* [FFmpeg-devel] [PATCH 0/4] Fix some issues in tls_openssl and udp
@ 2025-07-09 13:36 Jack Lau
2025-07-09 13:36 ` [FFmpeg-devel] [PATCH 1/4] avformat/tls_openssl: add record trace function Jack Lau
` (3 more replies)
0 siblings, 4 replies; 7+ messages in thread
From: Jack Lau @ 2025-07-09 13:36 UTC (permalink / raw)
To: ffmpeg-devel; +Cc: Jack Lau
This patchset aims to fix some issues when i try to utilize DTLS using avio.

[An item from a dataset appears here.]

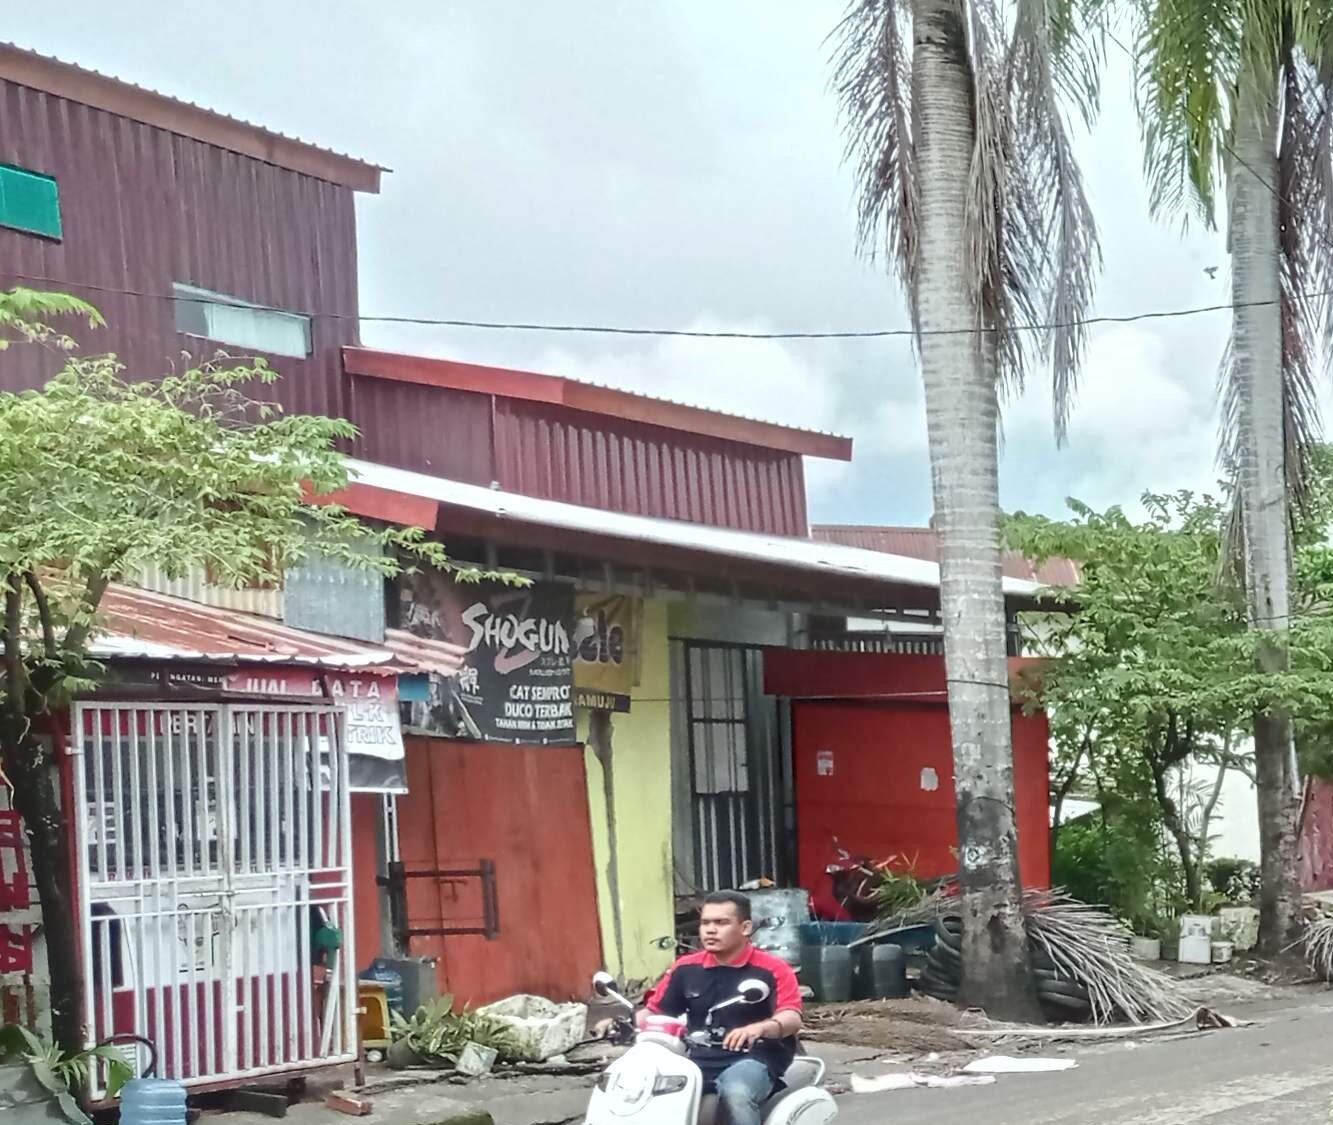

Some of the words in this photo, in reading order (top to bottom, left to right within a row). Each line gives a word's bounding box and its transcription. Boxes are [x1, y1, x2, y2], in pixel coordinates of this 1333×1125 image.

I create a simple DTLS client and server case here
https://github.com/JackLau1222/openssl-dtls-bio-example/tree/master/ffmpeg_case
This patchset fix:
1. dtls_handshake can't return positive code when it still in progressing
2. udp server mode haven't dest_addr so we need set it through last_recv_addr
3. some code cleanup
This patchset depends Timo's latest schannel patchset
More details: https://github.com/BtbN/FFmpeg/pull/3
Jack Lau (4):
avformat/tls_openssl: add record trace function
avformat/tls_openssl: fix dtls_handshake return code
avformat/tls_openssl: remove all redundant "TLS: " in log with AVClass
avformat/udp: fix udp server mode haven't dest_addr
libavformat/tls_openssl.c | 78 +++++++++++++++++++++++++++++++--------
libavformat/udp.c | 2 +
2 files changed, 64 insertions(+), 16 deletions(-)
--
2.49.0
_______________________________________________
ffmpeg-devel mailing list
ffmpeg-devel@ffmpeg.org
https://ffmpeg.org/mailman/listinfo/ffmpeg-devel
To unsubscribe, visit link above, or email
ffmpeg-devel-request@ffmpeg.org with subject "unsubscribe".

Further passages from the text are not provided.